Xochitl is missing too. I look for her when I’m coat shopping at Iron Triangle. Maybe she knows what happened to Yselma and Agosto, but somebody said Xochitl got something. They didn’t know if Yselma got something. Someone else said, no, a Fundy torched them because they were trying to do another Host swap. I don’t know which it is.

I heard from Alma Cho some new flu was around. Well, it’s true there are more fires, and the caution tape is getting so bad, I got to work my way around it on my way to the next stupid Conference, just before winter break. Ani is failing three courses and must do them over. She will not get Aid for the do-over.

“Please! Could she even get Partial Aid? I would pay the balance.”

Ms. Chaffee is like, that is really going to happen. But ok. I must bring the first downpayment when we come back from winter break.

Ferry to Hunter’s Point.

“Ani! You must do your work!”

“Whatever.”

Podtram home. I am really tired.

But I must do chores for oldies. Fix dinner. Stay on Ani’s case, will she do her goddamn work. “I’m busting my tail to keep you in this school. And do not say it, Ani.”

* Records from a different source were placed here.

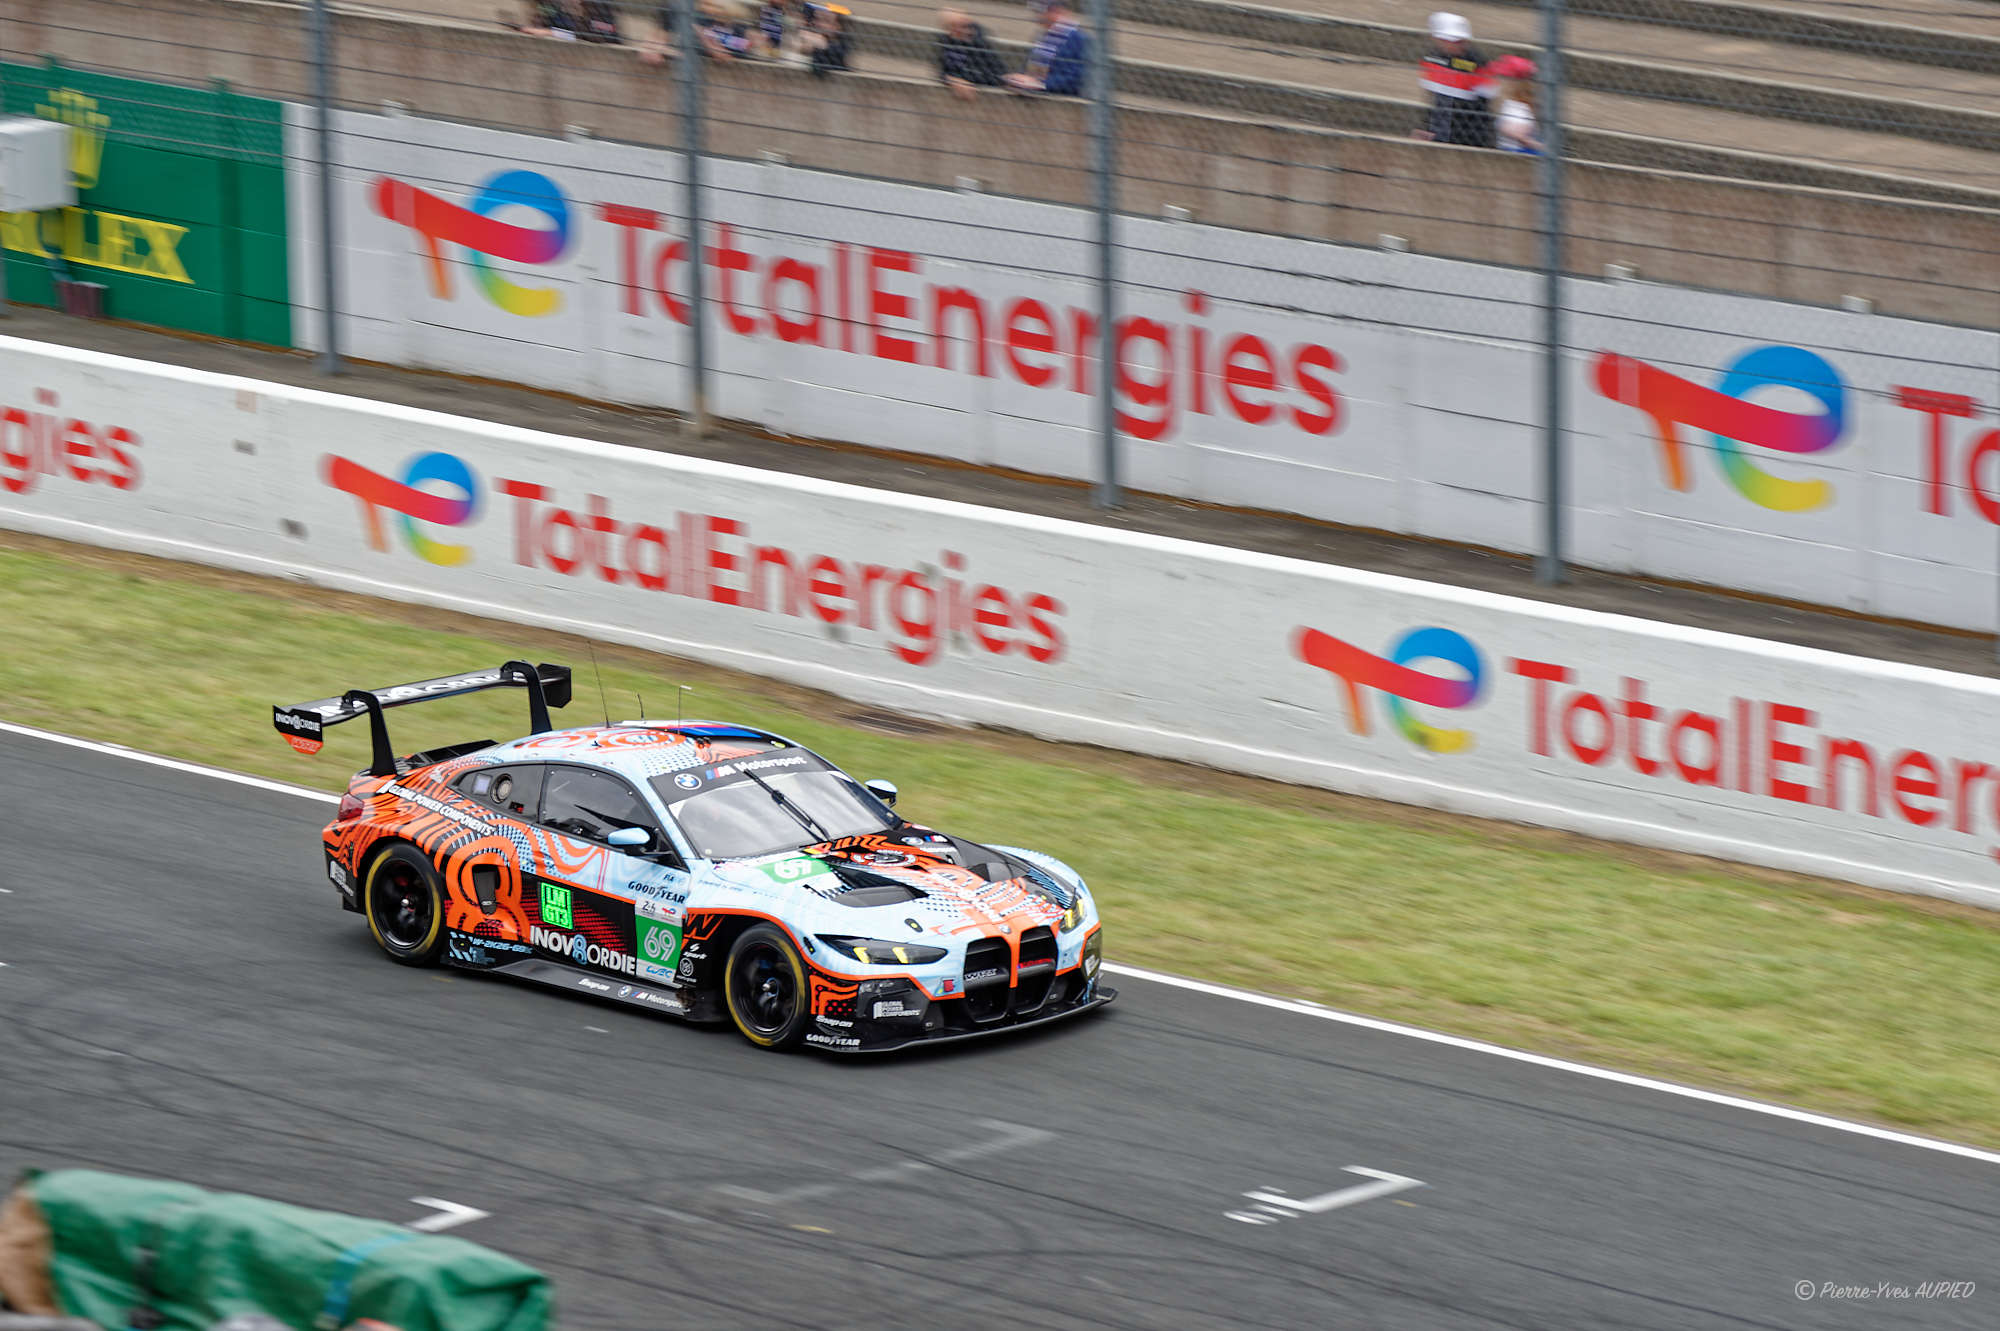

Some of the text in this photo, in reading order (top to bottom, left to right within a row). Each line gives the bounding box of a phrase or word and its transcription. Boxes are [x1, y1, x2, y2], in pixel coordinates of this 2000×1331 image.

[597, 200, 1347, 440] TotalEnergies
[494, 477, 1067, 666] TotalEnergies
[1505, 657, 2000, 866] TotalEner
[545, 905, 569, 926] GT3
[530, 925, 636, 975] INOV8ORDIE
[644, 926, 676, 961] 69
[816, 1014, 853, 1027] Snap-on

So she doesn’t. She doesn’t say she hates that school.

Thirteen years, seven months old.

Alma Cho says old Norma Pellicano died. She didn’t get anything, she was just old.

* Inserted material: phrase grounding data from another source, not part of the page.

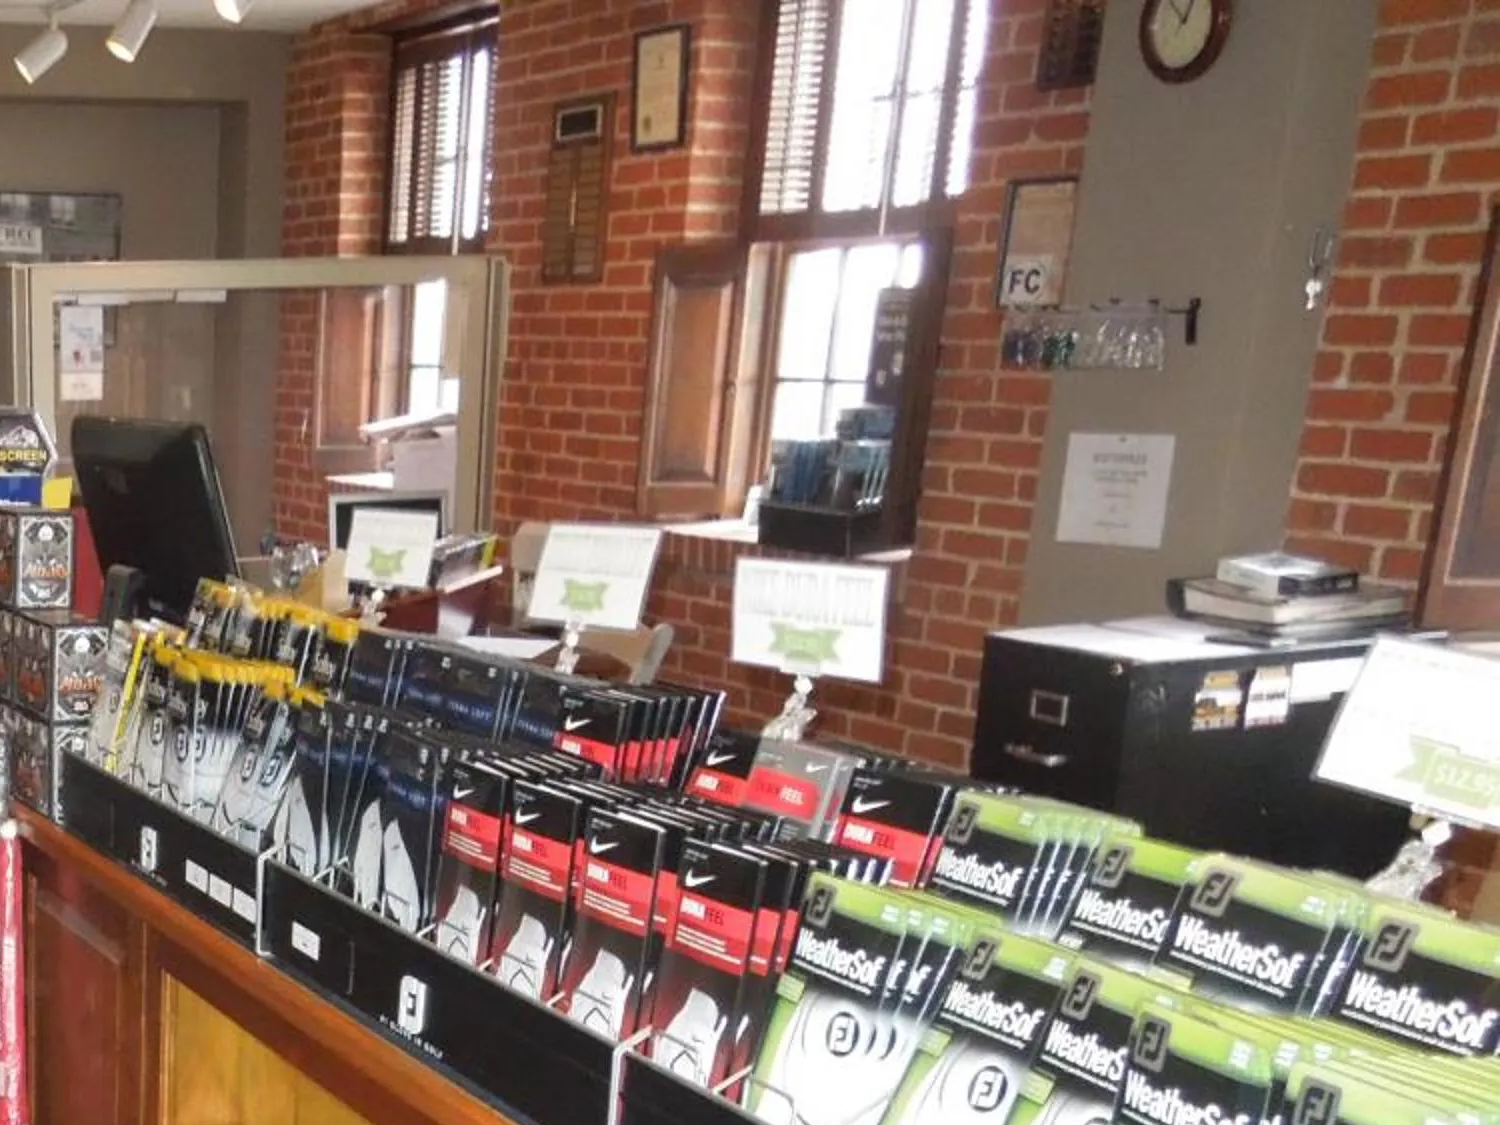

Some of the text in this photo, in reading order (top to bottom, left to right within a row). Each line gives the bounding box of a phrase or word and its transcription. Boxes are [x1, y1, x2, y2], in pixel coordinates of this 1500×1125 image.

[1008, 268, 1041, 295] FC
[936, 847, 1025, 898] WeatherSof
[1074, 889, 1171, 943] WeatherSo
[795, 928, 886, 987] WeatherSof
[1175, 913, 1306, 989] WeatherSof
[944, 979, 1045, 1041] WeatherSof
[1345, 969, 1500, 1049] WeatherSof
[1045, 1018, 1130, 1082] WeatherS

And I would like to go to the ceremony, but I am too busy picking frozen potatoes in the dark for Mort’s friend Pandit, then cut them up, then rush home to make dinner and breathe down Ani’s neck, did she do the work.

 

When the next message comes from Ms. Chaffee, after winter break, at February, I think it is because I was a little short on the Partial balance I must pay. I get a coupon advance from Mrs. Postow and Loretta Hutz and head off in a rush. You cannot get on the Bell Boulevard podtram Stop. The pod is taped all the way back to Flushing Meadows! I grabbed a shaw to make our way around the tape. Northern Boulevard is totally blocked. We took smoky side streets till we saw body bags on Cherry Avenue. Body bags! It’s been a while since I saw that. The driver just dumped me out and went the other way. I just run the rest of the way to Flushing Cemetery, where the pod still worked. By the time I got to East Side Girls, I’m two hours late, but it’s ok! I do not need the coupons! It is not the problem because guess what?

Ani punched a girl.

I’m standing in the office panting and soaked in Hygiene spray they sprayed at the door, and I’m like well it will not happen again, and Ms. Chaffee is like you are really right. Ani is expelled.

Ani is just squinting at the floor.

I am just in shock. I am just breathing deep. “Please,” I go.
“Please.”
I even went on my knees. “Please give her one more chance.”

Ms. Chaffee waits like maybe she would, but she is just breathing deep herself. Then she lets it out. I GAVE HER EVERY CHANCE I COULD! She got the Aid, the Aide, the Partial, the uniform. That is the problem with Diversity kids, they think they are the only ones in the entire world. They think they are the only ones who count. I have done what I could for your daughter but she is a Bad Influence on the other girls. I am responsible to them too. “I will tell you this—as Oppositional as Ani is,” Ms. Chaffee goes, “no wonder they won’t sit with her.”

Well, Ani looks up now. And I am hoping she will say, please. Please give me a chance. Guess what? She looks Ms. Chaffee in the eye and goes, “Well that’s their goddamn problem. I hate this school.”

Ok, there goes the different life.

Don took the Passes off our swipes so we cannot get in again or even through the Dome Lock.

They will let her keep the uniform. That’s it.

“Ma!” Ani is at my bedroom door. “I could plant potatoes.”

I’m just lying in the dark. I didn’t fix dinner, nothing.